La foule commençait à se dissiper devant mes yeux larmoyants. Les essuyant du revers de la main, je commençais à discerner les visages hypocrites des invités et autres curieux assistant à la cérémonie.

Mère, Père, ma belle-famille ; ils étaient emplis de faux. Tel un clown triste qui continue de sourire, ils affichaient des sourires radieux, rayonnants d'honnêteté et de joie. Pourtant, dès que les Lamarquise auraient la main mise sur notre conglomérat et notre locomotive, nous laisserons cet homme prendre le pouvoir du pays.

Puis, alors que la véritable marée humaine se fragmentait, je crus rêvé. Au milieu de cette foule se dressaient deux visages qui m'étaient familiers.

J'avais l'impression de pouvoir revoir ce même chignon négligé d'où s'échappaient de soyeuses mèches brunes, ce même pull-over lavande bien trop large recouvrant une robe saumon, cette même grosse ceinture portée par mon amie. Je revoyais aussi ce même manteau de cuir noir, cette même épée pendant dans son fourreau, ces même cheveux en bataille et ce même visage toujours renfrogné.

Sasha.

Lash.

J'étais tellement heureuse de les voir, même s'il ne s'agissait de rêves. Je suis si heureuse ; les revoir est certainement la chose qui pouvait me faire le plus plaisir avant ce supplice. Je veux me souvenir du moindre détail qu'ils arborent, les imprégner dans mon cœur. Grâce à eux, pendant quelques semaines, j'ai pu découvrir le monde, je me suis sentie vivante pour la toute première fois. Je ne veux pas oublier ces sentiments, je souhaite garder ces personnes gravées au plus profond de mon cœur et de mon âme.

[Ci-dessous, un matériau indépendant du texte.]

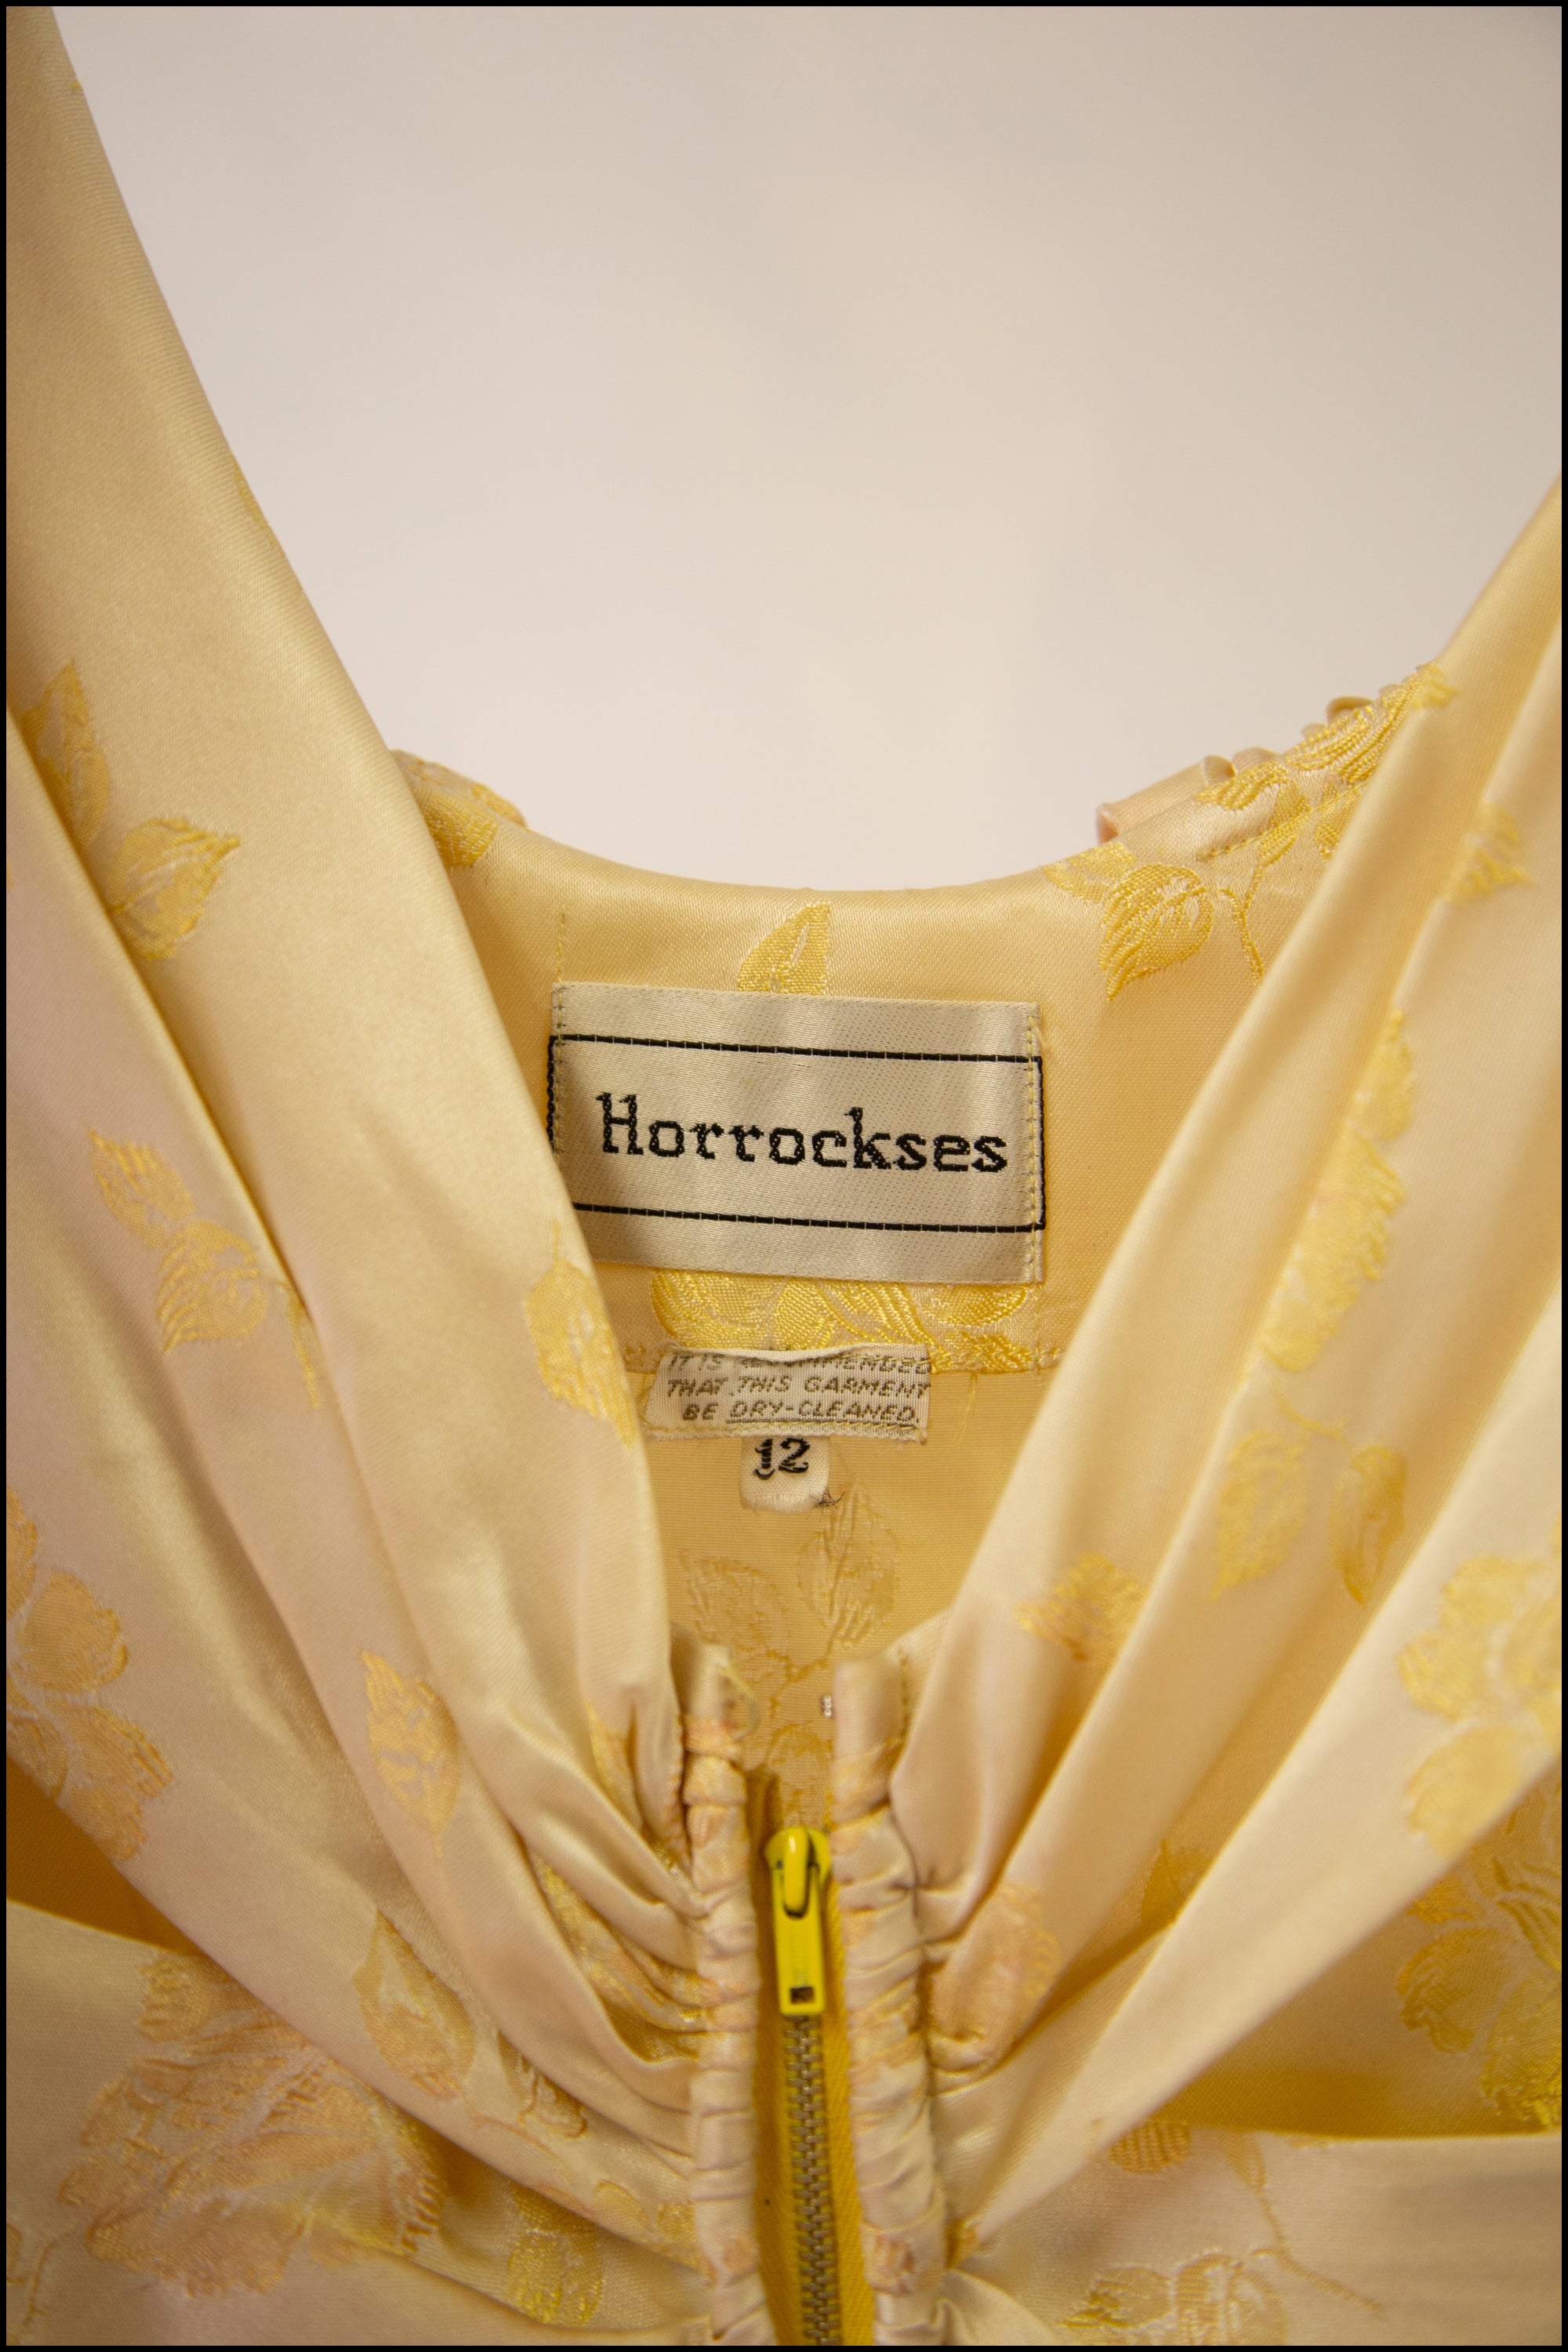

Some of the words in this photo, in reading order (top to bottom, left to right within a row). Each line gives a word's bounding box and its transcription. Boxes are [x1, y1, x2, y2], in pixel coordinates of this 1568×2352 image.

[595, 1091, 1008, 1174] Horrockses
[669, 1354, 694, 1370] IT
[668, 1377, 728, 1397] THAT
[738, 1376, 793, 1393] THIS
[804, 1377, 931, 1399] GARMENT
[683, 1402, 719, 1421] BE
[730, 1401, 920, 1424] DRY-CLEANED.
[754, 1437, 811, 1480] 12

Je revoyais leur visage, je ressentais la chaleur et la force qu'ils dégageaient, j'avais l'impression qu'ils se tenaient devant moi. Mais, en observant de plus près leur expression je commençais à songer que ce n'était pas simplement une illusion.

Le sourire crispé de mon aînée et la surprise exhalée par mon ancien professeur semblaient réelles et, surtout, pourquoi ? Pourquoi une illusion arborerait-elle pareille mine ?

Puis, coupant net à tout doute, Lash se précipita sauvagement vers l'estrade. Son visage était passé de la surprise à la colère. Pendant un instant, j'ai vu une véritable bête sauvage émaner de ses traits. Je m'étais réduite pendant quelques secondes à avoir peur de lui, peur qu'il me tue comme il a failli le faire il y a quelques temps. Déchaîné, il repoussa violemment les autres convives devant lui au sol avant d'être arrêté par Sasha à mi-chemin.

Elle avait intercepté l'un de ses bras et, avec ce dernier, fit basculer son buste en avant et ses jambes en arrière pour, finalement, plonger son visage contre les taules d'acier composant la place. Elle le retenait avec fermeté contre le métal gelé, je fus même étonnée de voir une telle force émaner de ses bras si frêles.

Retenu par terre, les invités, qui s'étaient éloignés de quelques pas, observaient mon ancien camarade d'un air effaré, certains poussaient des cris de terreur tandis que d'autres le regardaient telle une bête de foire. Tous semblaient avoir marqué une distance de sécurité en formant une sorte de cercle autour des tâches que représentaient mes camarades.

Lash, lui, scellait si fort sa mâchoire que l'on pouvait croire que sa dentition se briserait sous la pression. Son front se striait se colère et ses orbites auraient pu s'éjecter de leur place s'il ne plissait pas les yeux comme il le faisait.

Je ne comprenais pas ce qu'il se déroulait sous mes yeux. J'ignorais ce que faisaient ces combattants dans cette prison de fer et je ne savais pas pourquoi mon cœur tambourinait si fort contre ma poitrine. Posant ma main conter ma poitrine, elle s'animait de soubresauts irréguliers et douloureux, revenant comme un écho.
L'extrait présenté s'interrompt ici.